What was your internship experience?
In the Office of International Affairs I worked specifically with two teams: the Incoming Mutual Legal Assistance team and the South America Extraditions and Outgoing Mutual Legal Assistance team. On both teams I reviewed many criminal cases from countries across the globe to determine if the requesting countries qualified for mutual legal assistance from the U.S. or if they had enough proof for us to order the extradition of a fugitive living in the U.S. This determination was based upon the standards set forth between the treaty held between the U.S. and that specific country. If they provided sufficient evidence, I would then draft subpoenas to obtain pertinent information from persons or organizations based in the U.S. to assist in the requesting country's case or I would begin the process of drafting documents for the extradition of fugitives living in the U.S. to force them to stand trial for crimes they committed abroad.
What was the most useful thing you learned from your internship?
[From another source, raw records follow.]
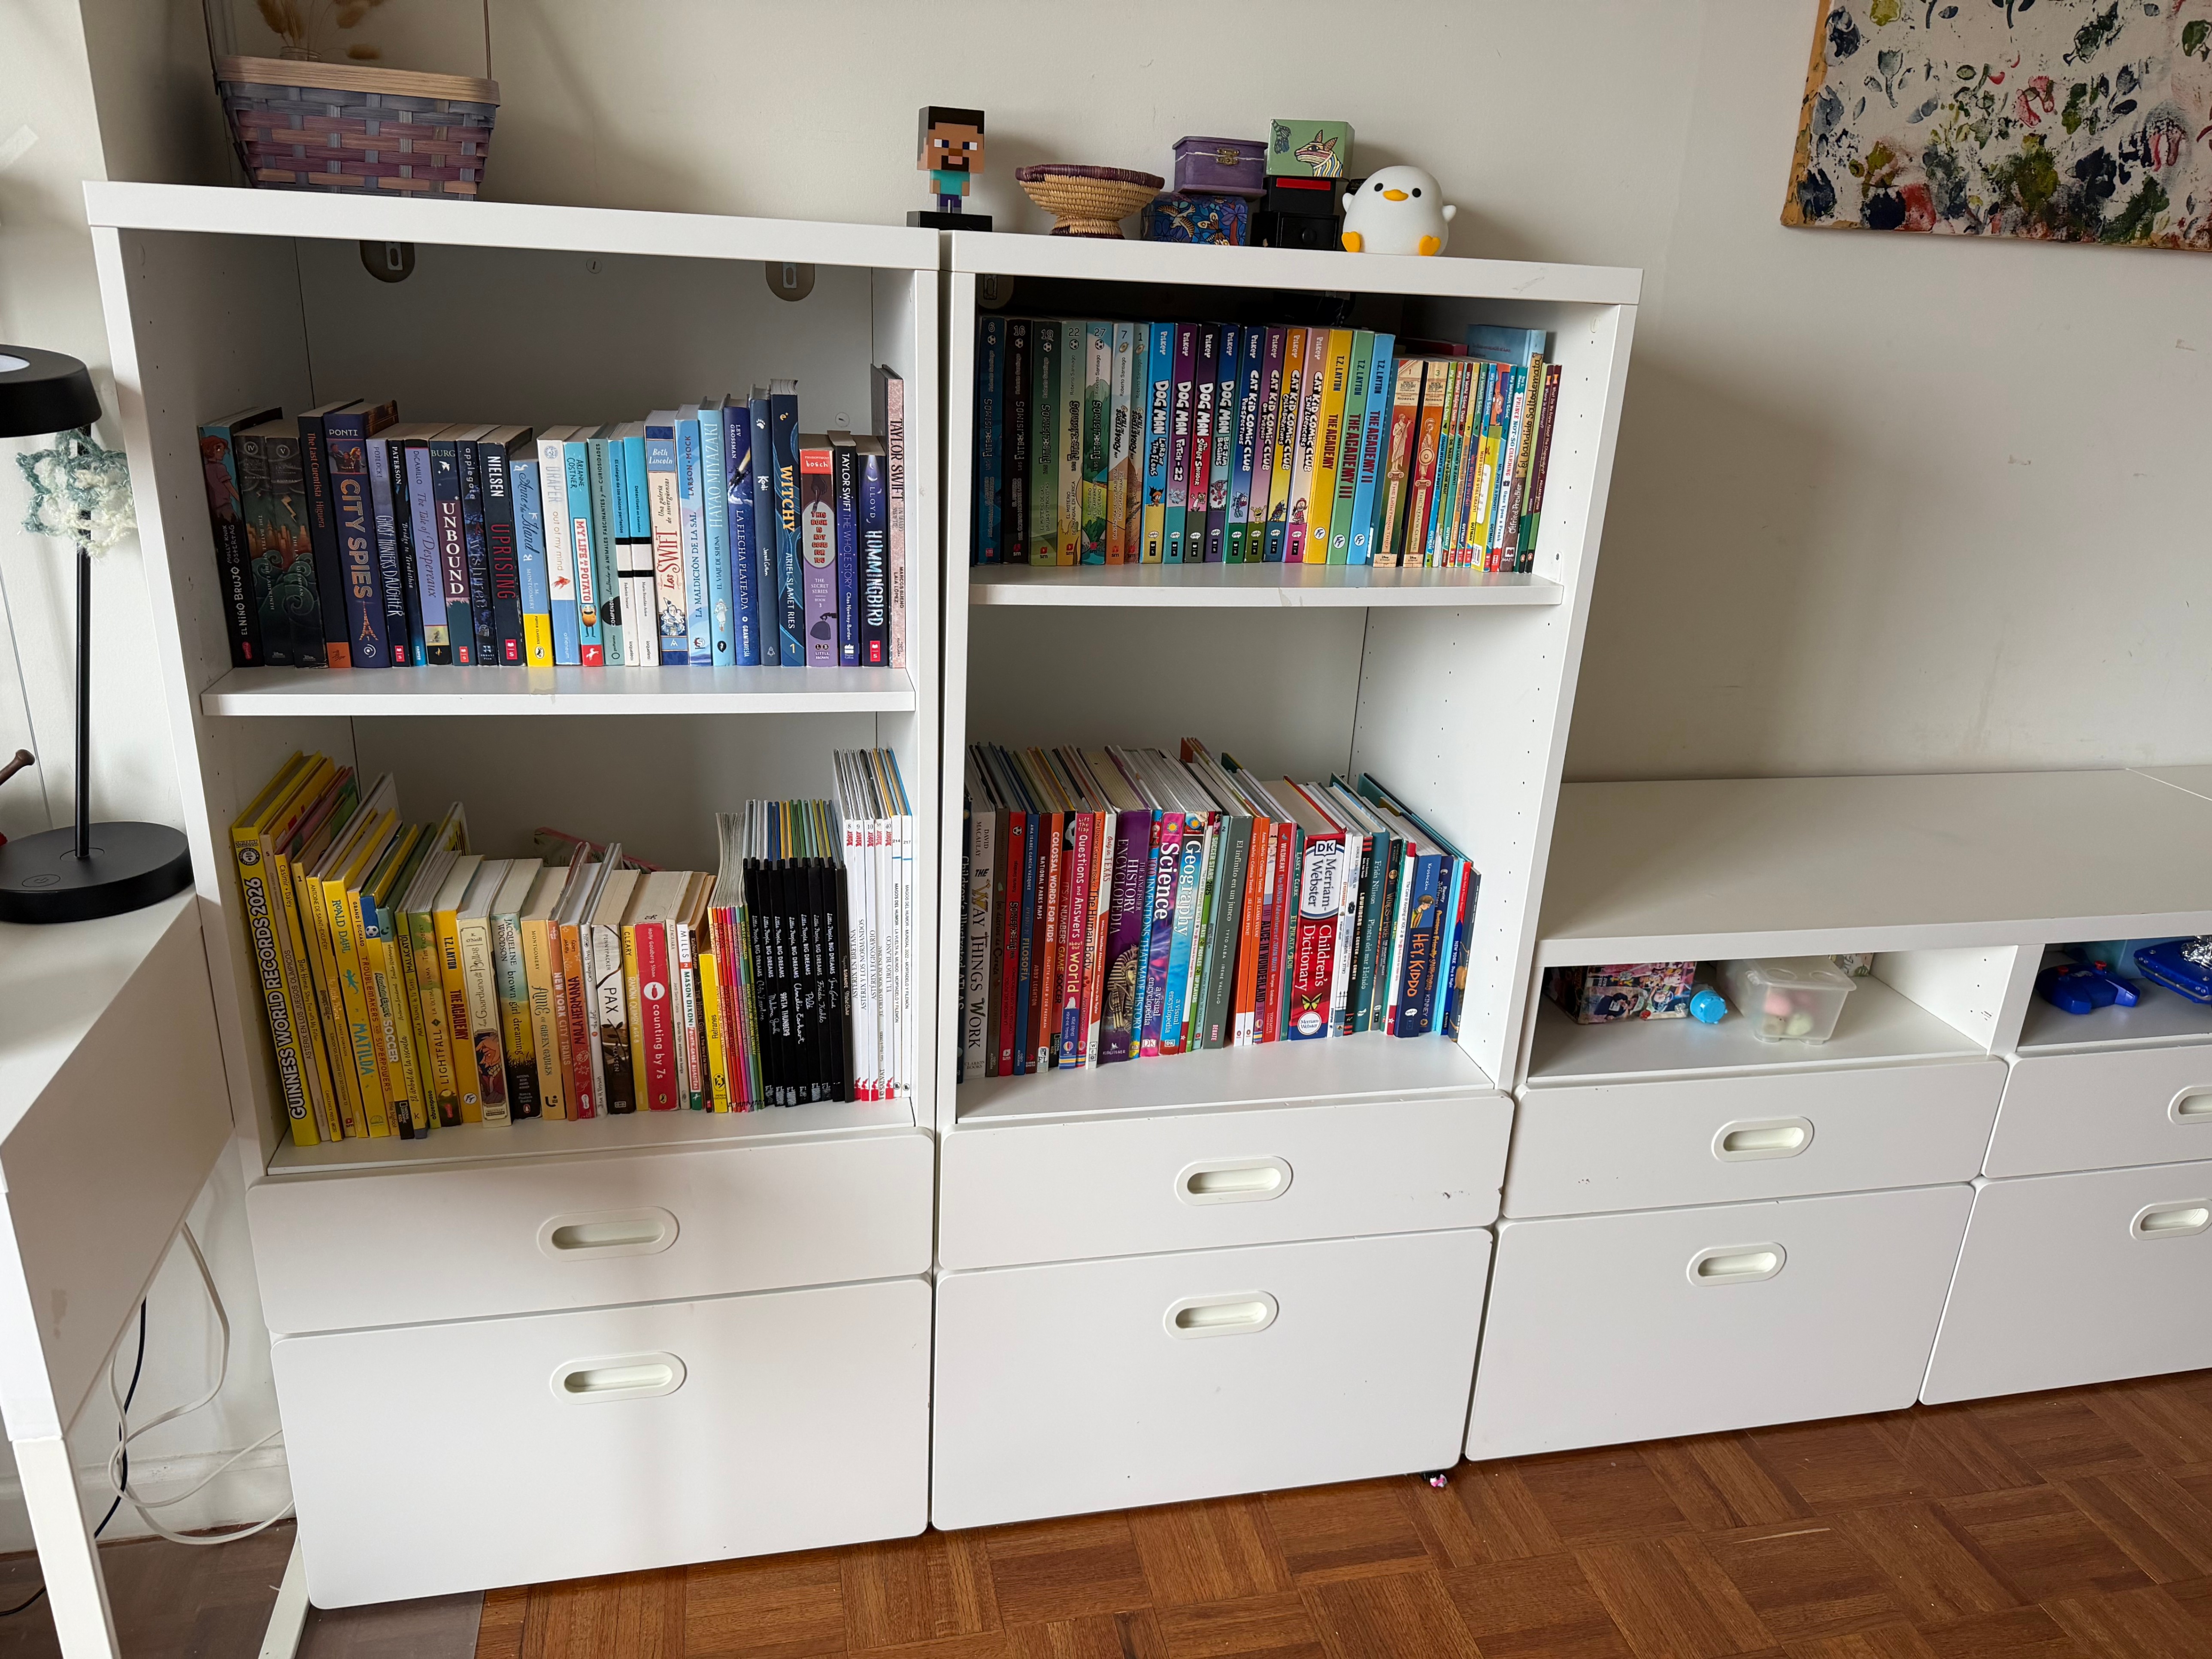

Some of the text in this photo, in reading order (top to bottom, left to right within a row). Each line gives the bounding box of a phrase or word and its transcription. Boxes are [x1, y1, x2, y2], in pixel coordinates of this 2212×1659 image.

[1069, 328, 1080, 337] 22
[1094, 328, 1106, 337] 27
[1270, 370, 1280, 390] CAT
[1333, 368, 1343, 391] LAYTON
[1526, 357, 1542, 419] Saltodemata
[1153, 380, 1169, 434] DOG MAN
[1197, 383, 1213, 436] DOG MAN
[649, 456, 673, 464] Lincoln
[653, 448, 668, 456] Beth
[890, 419, 904, 502] TAYLOR SWIFT
[1262, 446, 1271, 470] CLUB
[1338, 414, 1361, 499] THE ACADEMY III
[1521, 420, 1532, 458] Bandido
[307, 432, 325, 528] The Last Cuentista Higuera
[373, 447, 382, 478] POBLOCKI
[392, 447, 402, 485] PATERSON
[487, 456, 504, 497] NIELSEN
[704, 424, 722, 528] HAYAO MIYAZAKI
[758, 476, 769, 491] Kodi
[842, 453, 850, 488] TAYLOR
[780, 465, 795, 532] WITCHY
[842, 488, 851, 511] SWIFT
[1387, 497, 1395, 530] LIGHTNING
[340, 479, 373, 598] CITY SPIES
[442, 503, 464, 594] UNBOUND
[691, 529, 697, 541] LA
[692, 543, 698, 554] DE
[491, 524, 515, 599] UPRISING
[693, 557, 702, 605] MALDICIÓN
[736, 510, 748, 610] LA FLECHA PLATEADA
[865, 531, 884, 626] HUMMINGBIRD
[230, 566, 248, 635] EL NIÑO BRUJO
[696, 609, 702, 618] LA
[1051, 831, 1059, 873] COLOSSAL
[1076, 835, 1088, 883] Questions
[1233, 849, 1241, 877] infinito
[1317, 843, 1334, 852] DK
[244, 877, 268, 916] 2026
[280, 865, 290, 886] Casimir
[1110, 839, 1129, 934] ENCYCLOPEDIA
[1124, 859, 1139, 913] HISTORY
[1154, 842, 1180, 919] Science
[1174, 840, 1201, 936] Geography
[1229, 890, 1235, 900] un
[1231, 879, 1237, 888] en
[1309, 859, 1323, 907] Webster
[1322, 858, 1336, 911] Merriam-
[1370, 861, 1382, 904] Frida Nilsson
[332, 900, 351, 953] ROALD DAHL
[1072, 898, 1084, 938] Answers
[252, 917, 283, 990] RECORDS
[497, 924, 508, 961] WOODSON
[504, 919, 517, 966] JACQUELINE
[680, 930, 689, 958] MILLS
[1021, 938, 1029, 981] FILOSOFÍA
[1295, 925, 1315, 991] Dictionary
[1315, 925, 1332, 986] Children's
[684, 971, 692, 998] MASON
[1067, 952, 1080, 993] World
[1407, 934, 1429, 997] HEY, KIDDO
[268, 991, 293, 1048] WORLD
[507, 971, 524, 1055] brown girl dreaming
[603, 988, 619, 1014] PAX
[806, 992, 814, 1010] Pelé
[383, 1020, 399, 1063] SOCCER
[653, 1004, 666, 1079] counting by 7s
[782, 1010, 790, 1036] THUNBERG
[352, 1023, 375, 1075] MATILDA
[433, 1029, 449, 1085] LIGHTFALL
[279, 1048, 306, 1119] GUINNESS
I learned to treat every assignment as though my entire career were riding on it. It is easy to give less than my full effort to an assignment in order to get it done quicker or to move on to a new or more interesting case sooner, but I came to realize the importance of always putting forth your best work no matter how small the task may seem. At the end of the day, each assignment I submitted to the attorneys had my name on it and eventually would be submitted to the courts with their name on it and I could not afford to make mistakes when they were trusting me enough to allow me to assist them in the important work they do each day.
What professional skills did you develop in your internship?
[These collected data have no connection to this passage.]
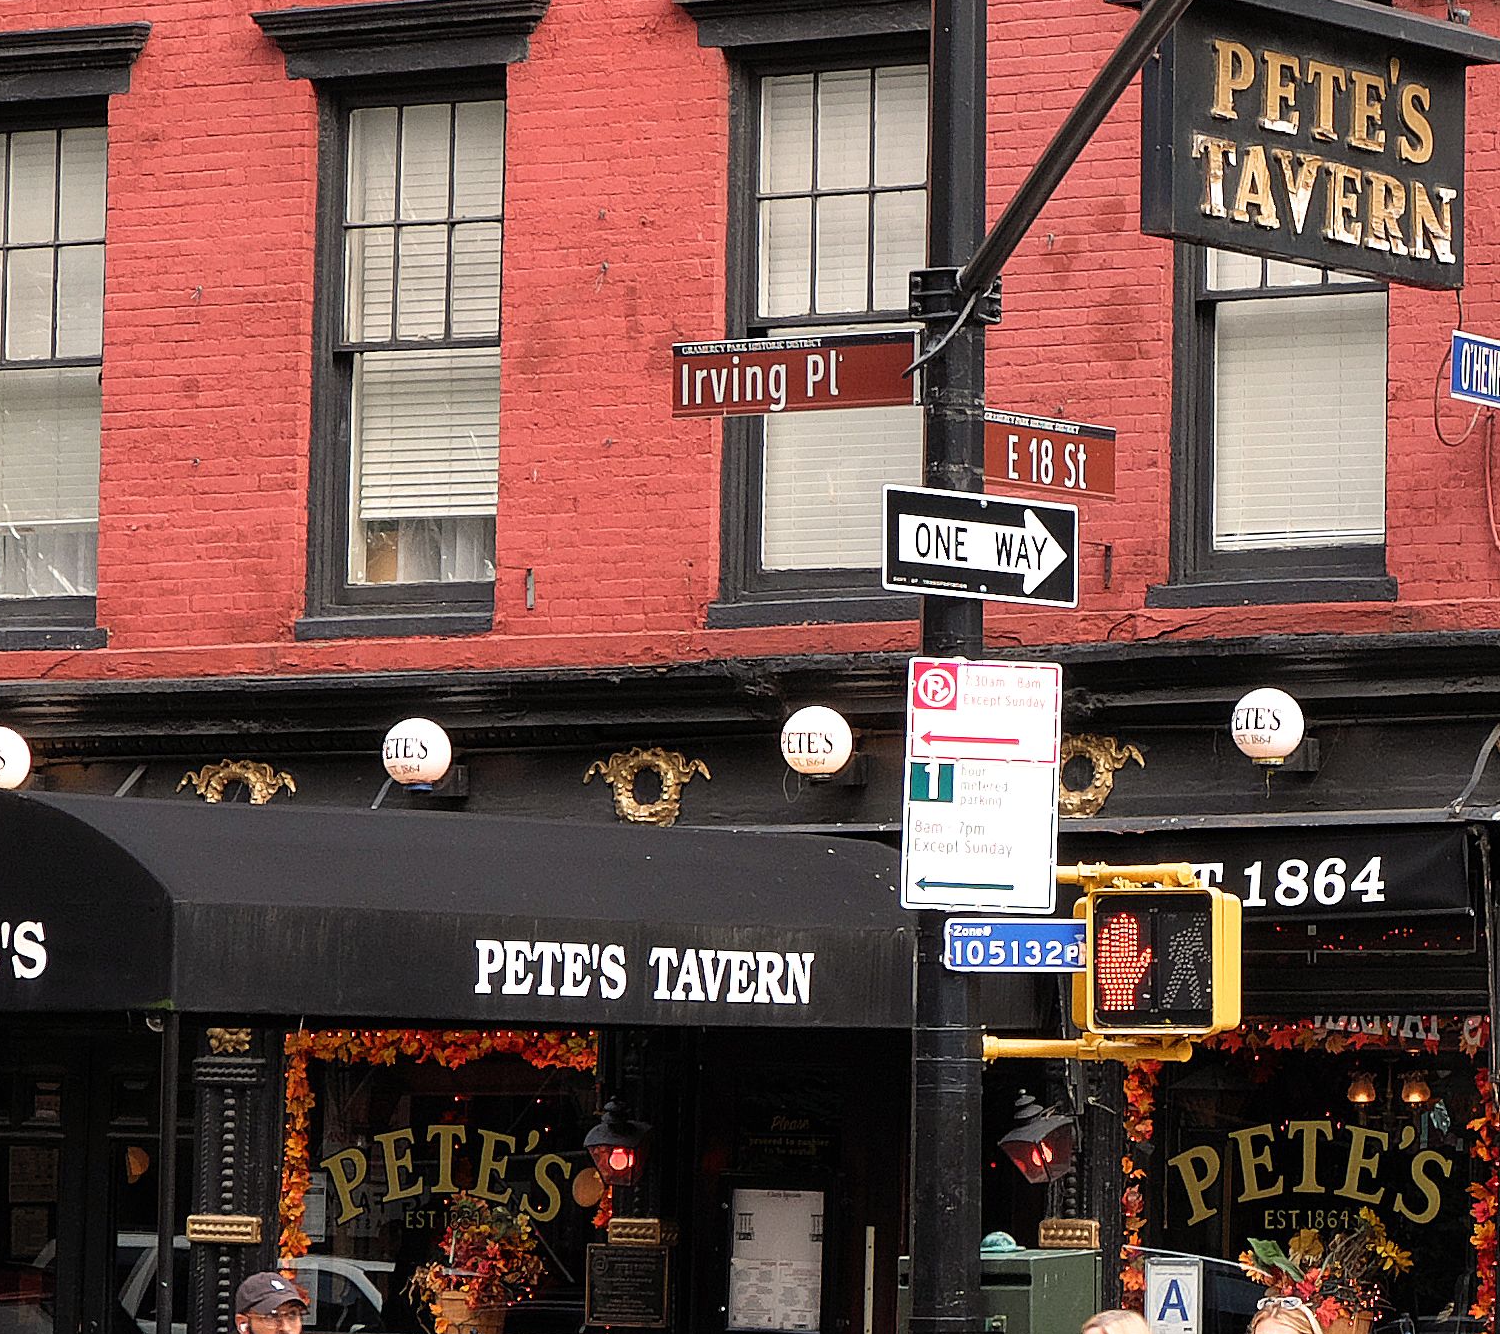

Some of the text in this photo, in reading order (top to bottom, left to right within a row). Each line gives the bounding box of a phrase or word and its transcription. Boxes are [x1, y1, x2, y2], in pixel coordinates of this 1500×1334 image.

[1210, 37, 1434, 164] PETE'S
[1192, 133, 1457, 264] TAVERN
[681, 338, 822, 355] GRAMERCY PARK HISTORIC DISTRICT
[681, 350, 840, 412] Irving Pl
[1015, 416, 1030, 427] PARK
[1055, 423, 1080, 435] DISTRICT
[1008, 434, 1087, 489] E 18 St
[915, 522, 1047, 570] ONE WAY
[1017, 676, 1042, 689] 8am
[963, 693, 1046, 709] Except Sunday
[1235, 707, 1281, 731] ETE'S
[385, 737, 428, 759] ETE'S
[924, 762, 940, 800] 1
[961, 764, 986, 777] hour
[960, 781, 1008, 792] metered
[960, 795, 1002, 808] parking
[914, 819, 942, 834] 8am
[960, 821, 985, 837] 7pm
[914, 838, 1013, 858] Except Sunday
[1242, 856, 1386, 907] 1864
[953, 925, 992, 937] Zone#
[953, 940, 1063, 966] 105132
[474, 938, 815, 1005] PETE'S TAVERN
[320, 1125, 572, 1225] PETE'S
[1168, 1120, 1453, 1225] PETE'S
[1307, 1209, 1350, 1229] 1864
[1157, 1279, 1189, 1321] A
Law school in general strengthened my reading comprehension skills, allowing me to read through hundreds of pages in cases quickly, while maintaining a firm grasp on the content. My legal writing class was especially useful, as it taught me to write the way lawyers do--brief, concise, and in accordance with the rules of the Bluebook.
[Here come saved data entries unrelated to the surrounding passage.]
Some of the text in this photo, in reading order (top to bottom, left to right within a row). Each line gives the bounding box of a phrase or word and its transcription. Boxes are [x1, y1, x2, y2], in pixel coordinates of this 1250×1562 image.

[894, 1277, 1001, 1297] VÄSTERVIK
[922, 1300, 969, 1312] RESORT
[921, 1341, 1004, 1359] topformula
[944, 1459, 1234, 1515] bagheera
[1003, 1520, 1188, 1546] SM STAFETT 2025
I believe I developed my organizational and communication skills the most in this internship as I was constantly completing assignments for five to six attorneys at a time, who each had their own differing preferences when it came to the manner in which I wrote and submitted each assignment.
Would you recommend this internship to other students?
It is a great experience where you can participate in the same work done by each of the attorneys in the office from day one.